Henry (Harry) Harvey Wood


1903 - 1977

Founder of the Edinburgh Festival. Born in Edinburgh, the son of a paper-maker, Wood was educated at the Royal High School, Edinburgh College of Art and the University of Edinburgh. An excellent student, he was appointed to a lectureship in English Literature on his graduation. In 1940, having been declared unfit for military service, he was given the job of establishing the British Council in Edinburgh, with the aim of running English classes and cultural events for the Polish, Norwegian, Czech and French servicemen and refugees who came to Scotland. With his friend the poet Edwin Muir (1887 - 1959), he organised events which brought artists, musicians, poets and writers to Edinburgh, and mounted an exhibition The Art of our Allies in the National Gallery of Scotland.
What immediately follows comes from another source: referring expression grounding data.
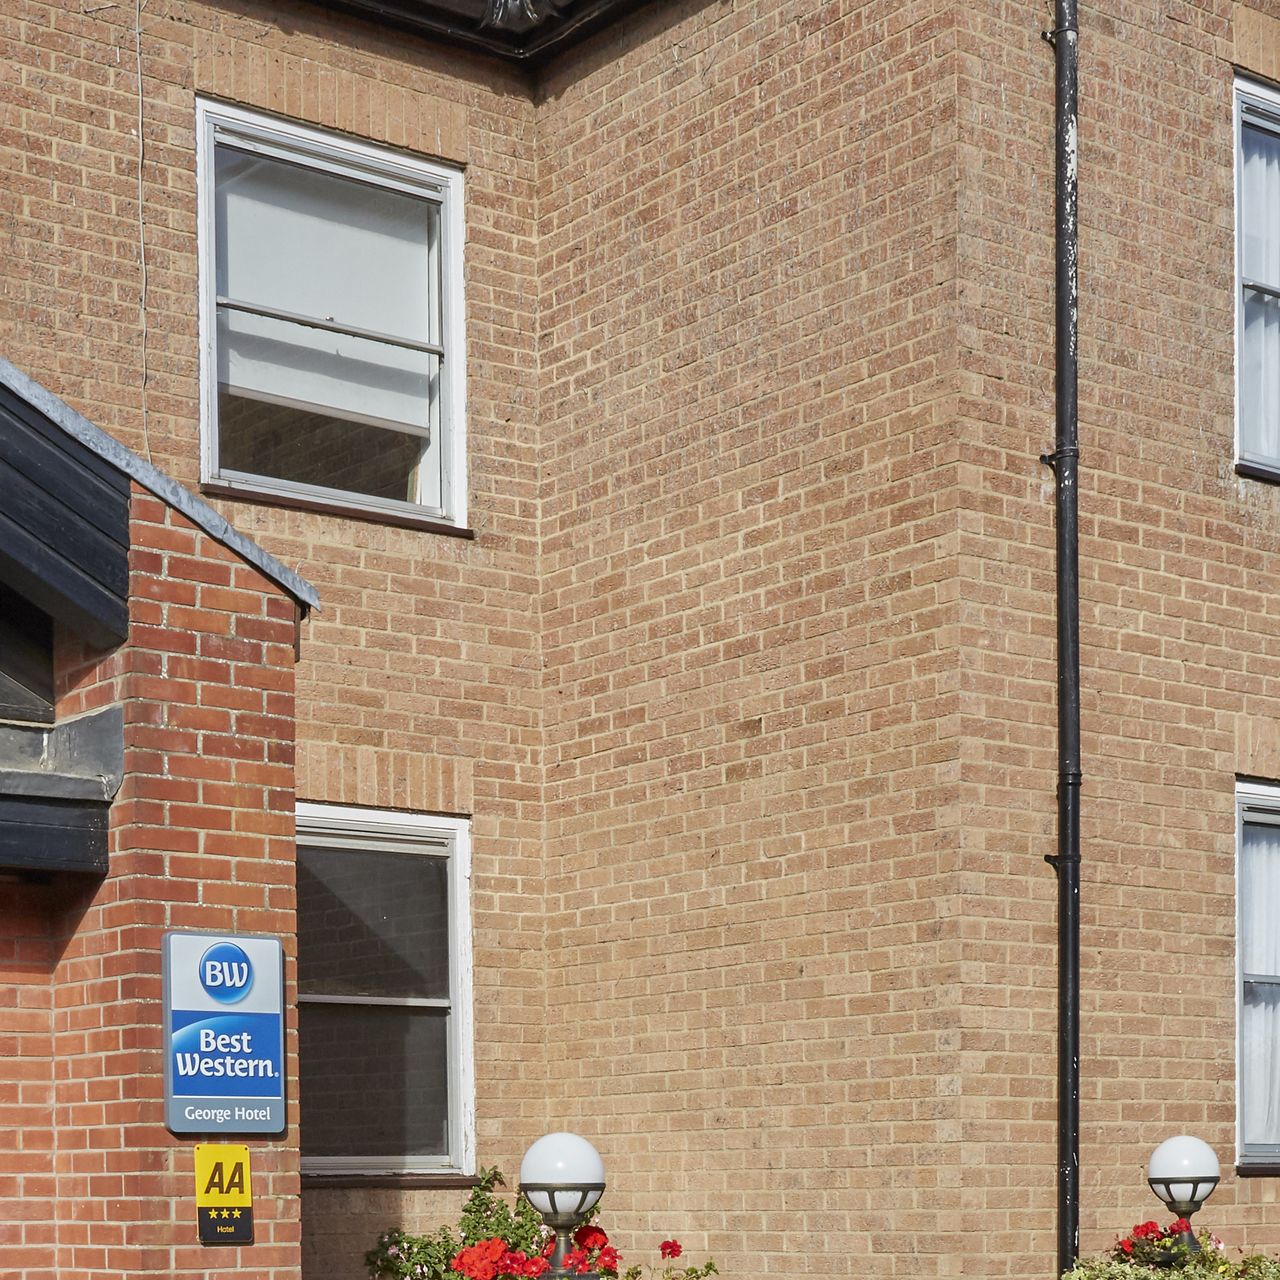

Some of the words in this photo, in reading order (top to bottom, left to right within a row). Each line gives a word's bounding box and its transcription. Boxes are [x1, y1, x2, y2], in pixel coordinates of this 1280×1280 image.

[204, 960, 248, 988] BW
[200, 1029, 252, 1054] Best
[184, 1106, 231, 1122] George
[234, 1106, 271, 1121] Hotel
[204, 1161, 245, 1194] AA
After the Second World War he brought this experience to bear by proposing an Edinburgh International Festival, which he mounted for the first time in 1947. He ran the festival until 1950, when he was appointed the British Council's representative in France, thereafter he worked in London and then Italy, before retiring from the British Council in 1965 to return to the University of Edinburgh, where he undertook research on Scottish literature. He was elected a Fellow of the Royal Society of Edinburgh in 1943 and was awarded an OBE in 1948. Wood spent his final years in London, where he died. His daughter Harriet Harvey Wood also worked for the British Council, doing much to promote female writers and serving as a judge of the Booker Prize in 1992.